[What the exercise asks] In full and without alteration, print the entries.

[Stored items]

╭──

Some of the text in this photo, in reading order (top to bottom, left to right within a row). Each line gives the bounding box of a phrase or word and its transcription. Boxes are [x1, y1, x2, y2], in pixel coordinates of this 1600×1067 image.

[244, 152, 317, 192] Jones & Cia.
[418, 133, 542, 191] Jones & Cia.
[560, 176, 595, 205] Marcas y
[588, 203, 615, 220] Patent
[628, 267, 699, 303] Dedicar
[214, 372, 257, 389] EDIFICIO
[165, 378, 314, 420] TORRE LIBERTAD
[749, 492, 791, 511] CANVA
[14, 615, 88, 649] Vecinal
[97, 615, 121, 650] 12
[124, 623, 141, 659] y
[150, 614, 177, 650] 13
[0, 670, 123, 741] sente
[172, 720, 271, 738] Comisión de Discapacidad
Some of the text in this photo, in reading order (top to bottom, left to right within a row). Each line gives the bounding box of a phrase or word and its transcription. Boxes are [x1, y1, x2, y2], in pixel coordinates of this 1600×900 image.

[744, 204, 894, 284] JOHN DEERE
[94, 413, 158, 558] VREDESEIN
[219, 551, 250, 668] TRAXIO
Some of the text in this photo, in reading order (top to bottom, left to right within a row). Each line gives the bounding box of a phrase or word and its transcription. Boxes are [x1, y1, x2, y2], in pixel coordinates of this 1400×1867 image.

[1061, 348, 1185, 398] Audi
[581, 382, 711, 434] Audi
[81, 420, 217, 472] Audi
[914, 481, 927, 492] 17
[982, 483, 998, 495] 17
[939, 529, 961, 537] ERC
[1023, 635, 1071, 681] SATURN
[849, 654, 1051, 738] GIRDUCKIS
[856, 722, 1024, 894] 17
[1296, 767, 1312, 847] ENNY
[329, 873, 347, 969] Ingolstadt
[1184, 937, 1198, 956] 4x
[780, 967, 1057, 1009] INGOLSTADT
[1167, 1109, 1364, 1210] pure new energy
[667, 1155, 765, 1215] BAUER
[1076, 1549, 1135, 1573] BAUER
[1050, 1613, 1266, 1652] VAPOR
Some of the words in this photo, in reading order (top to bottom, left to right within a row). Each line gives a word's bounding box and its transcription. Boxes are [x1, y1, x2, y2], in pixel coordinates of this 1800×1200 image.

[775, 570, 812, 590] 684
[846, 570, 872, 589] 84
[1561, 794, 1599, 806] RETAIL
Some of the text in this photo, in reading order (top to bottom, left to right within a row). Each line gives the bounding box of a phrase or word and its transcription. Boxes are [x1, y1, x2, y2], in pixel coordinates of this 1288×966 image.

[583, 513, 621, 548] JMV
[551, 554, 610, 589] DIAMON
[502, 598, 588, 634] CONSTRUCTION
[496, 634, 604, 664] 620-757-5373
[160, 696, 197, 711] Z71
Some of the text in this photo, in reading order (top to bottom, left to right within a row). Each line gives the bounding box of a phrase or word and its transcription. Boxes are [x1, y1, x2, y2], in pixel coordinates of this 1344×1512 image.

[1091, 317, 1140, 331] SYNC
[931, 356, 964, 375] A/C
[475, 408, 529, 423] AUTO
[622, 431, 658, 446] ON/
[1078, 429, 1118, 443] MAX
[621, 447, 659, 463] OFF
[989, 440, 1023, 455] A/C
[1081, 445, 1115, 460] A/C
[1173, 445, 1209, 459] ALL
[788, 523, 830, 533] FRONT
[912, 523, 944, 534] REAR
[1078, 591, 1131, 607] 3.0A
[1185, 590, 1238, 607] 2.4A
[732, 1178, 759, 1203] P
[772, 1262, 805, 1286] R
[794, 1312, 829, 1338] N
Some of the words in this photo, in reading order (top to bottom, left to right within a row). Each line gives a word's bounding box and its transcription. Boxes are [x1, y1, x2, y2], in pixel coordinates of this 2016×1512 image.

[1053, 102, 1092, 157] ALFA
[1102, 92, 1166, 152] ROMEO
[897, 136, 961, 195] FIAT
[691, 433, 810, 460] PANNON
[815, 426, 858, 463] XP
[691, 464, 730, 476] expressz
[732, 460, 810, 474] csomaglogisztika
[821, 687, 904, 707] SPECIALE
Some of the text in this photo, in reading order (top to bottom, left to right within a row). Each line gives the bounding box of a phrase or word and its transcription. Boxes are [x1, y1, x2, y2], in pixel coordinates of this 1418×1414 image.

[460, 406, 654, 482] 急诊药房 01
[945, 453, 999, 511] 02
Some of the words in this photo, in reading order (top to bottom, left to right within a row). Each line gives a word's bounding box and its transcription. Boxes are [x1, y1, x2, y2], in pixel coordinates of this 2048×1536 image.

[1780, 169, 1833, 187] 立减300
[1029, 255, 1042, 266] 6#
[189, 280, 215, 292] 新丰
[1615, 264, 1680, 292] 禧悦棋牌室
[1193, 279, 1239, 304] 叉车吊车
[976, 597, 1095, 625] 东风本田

╰──

[Task response]
Some of the text in this photo, in reading order (top to bottom, left to right within a row). Each line gives the bounding box of a phrase or word and its transcription. Boxes are [x1, y1, x2, y2], in pixel coordinates of this 1600×1067 image.

[244, 152, 317, 192] Jones & Cia.
[418, 133, 542, 191] Jones & Cia.
[560, 176, 595, 205] Marcas y
[588, 203, 615, 220] Patent
[628, 267, 699, 303] Dedicar
[214, 372, 257, 389] EDIFICIO
[165, 378, 314, 420] TORRE LIBERTAD
[749, 492, 791, 511] CANVA
[14, 615, 88, 649] Vecinal
[97, 615, 121, 650] 12
[124, 623, 141, 659] y
[150, 614, 177, 650] 13
[0, 670, 123, 741] sente
[172, 720, 271, 738] Comisión de Discapacidad
Some of the text in this photo, in reading order (top to bottom, left to right within a row). Each line gives the bounding box of a phrase or word and its transcription. Boxes are [x1, y1, x2, y2], in pixel coordinates of this 1600×900 image.

[744, 204, 894, 284] JOHN DEERE
[94, 413, 158, 558] VREDESEIN
[219, 551, 250, 668] TRAXIO
Some of the text in this photo, in reading order (top to bottom, left to right within a row). Each line gives the bounding box of a phrase or word and its transcription. Boxes are [x1, y1, x2, y2], in pixel coordinates of this 1400×1867 image.

[1061, 348, 1185, 398] Audi
[581, 382, 711, 434] Audi
[81, 420, 217, 472] Audi
[914, 481, 927, 492] 17
[982, 483, 998, 495] 17
[939, 529, 961, 537] ERC
[1023, 635, 1071, 681] SATURN
[849, 654, 1051, 738] GIRDUCKIS
[856, 722, 1024, 894] 17
[1296, 767, 1312, 847] ENNY
[329, 873, 347, 969] Ingolstadt
[1184, 937, 1198, 956] 4x
[780, 967, 1057, 1009] INGOLSTADT
[1167, 1109, 1364, 1210] pure new energy
[667, 1155, 765, 1215] BAUER
[1076, 1549, 1135, 1573] BAUER
[1050, 1613, 1266, 1652] VAPOR
Some of the words in this photo, in reading order (top to bottom, left to right within a row). Each line gives a word's bounding box and its transcription. Boxes are [x1, y1, x2, y2], in pixel coordinates of this 1800×1200 image.

[775, 570, 812, 590] 684
[846, 570, 872, 589] 84
[1561, 794, 1599, 806] RETAIL
Some of the text in this photo, in reading order (top to bottom, left to right within a row). Each line gives the bounding box of a phrase or word and its transcription. Boxes are [x1, y1, x2, y2], in pixel coordinates of this 1288×966 image.

[583, 513, 621, 548] JMV
[551, 554, 610, 589] DIAMON
[502, 598, 588, 634] CONSTRUCTION
[496, 634, 604, 664] 620-757-5373
[160, 696, 197, 711] Z71
Some of the text in this photo, in reading order (top to bottom, left to right within a row). Each line gives the bounding box of a phrase or word and its transcription. Boxes are [x1, y1, x2, y2], in pixel coordinates of this 1344×1512 image.

[1091, 317, 1140, 331] SYNC
[931, 356, 964, 375] A/C
[475, 408, 529, 423] AUTO
[622, 431, 658, 446] ON/
[1078, 429, 1118, 443] MAX
[621, 447, 659, 463] OFF
[989, 440, 1023, 455] A/C
[1081, 445, 1115, 460] A/C
[1173, 445, 1209, 459] ALL
[788, 523, 830, 533] FRONT
[912, 523, 944, 534] REAR
[1078, 591, 1131, 607] 3.0A
[1185, 590, 1238, 607] 2.4A
[732, 1178, 759, 1203] P
[772, 1262, 805, 1286] R
[794, 1312, 829, 1338] N
Some of the words in this photo, in reading order (top to bottom, left to right within a row). Each line gives a word's bounding box and its transcription. Boxes are [x1, y1, x2, y2], in pixel coordinates of this 2016×1512 image.

[1053, 102, 1092, 157] ALFA
[1102, 92, 1166, 152] ROMEO
[897, 136, 961, 195] FIAT
[691, 433, 810, 460] PANNON
[815, 426, 858, 463] XP
[691, 464, 730, 476] expressz
[732, 460, 810, 474] csomaglogisztika
[821, 687, 904, 707] SPECIALE
Some of the text in this photo, in reading order (top to bottom, left to right within a row). Each line gives the bounding box of a phrase or word and its transcription. Boxes are [x1, y1, x2, y2], in pixel coordinates of this 1418×1414 image.

[460, 406, 654, 482] 急诊药房 01
[945, 453, 999, 511] 02
Some of the words in this photo, in reading order (top to bottom, left to right within a row). Each line gives a word's bounding box and its transcription. Boxes are [x1, y1, x2, y2], in pixel coordinates of this 2048×1536 image.

[1780, 169, 1833, 187] 立减300
[1029, 255, 1042, 266] 6#
[189, 280, 215, 292] 新丰
[1615, 264, 1680, 292] 禧悦棋牌室
[1193, 279, 1239, 304] 叉车吊车
[976, 597, 1095, 625] 东风本田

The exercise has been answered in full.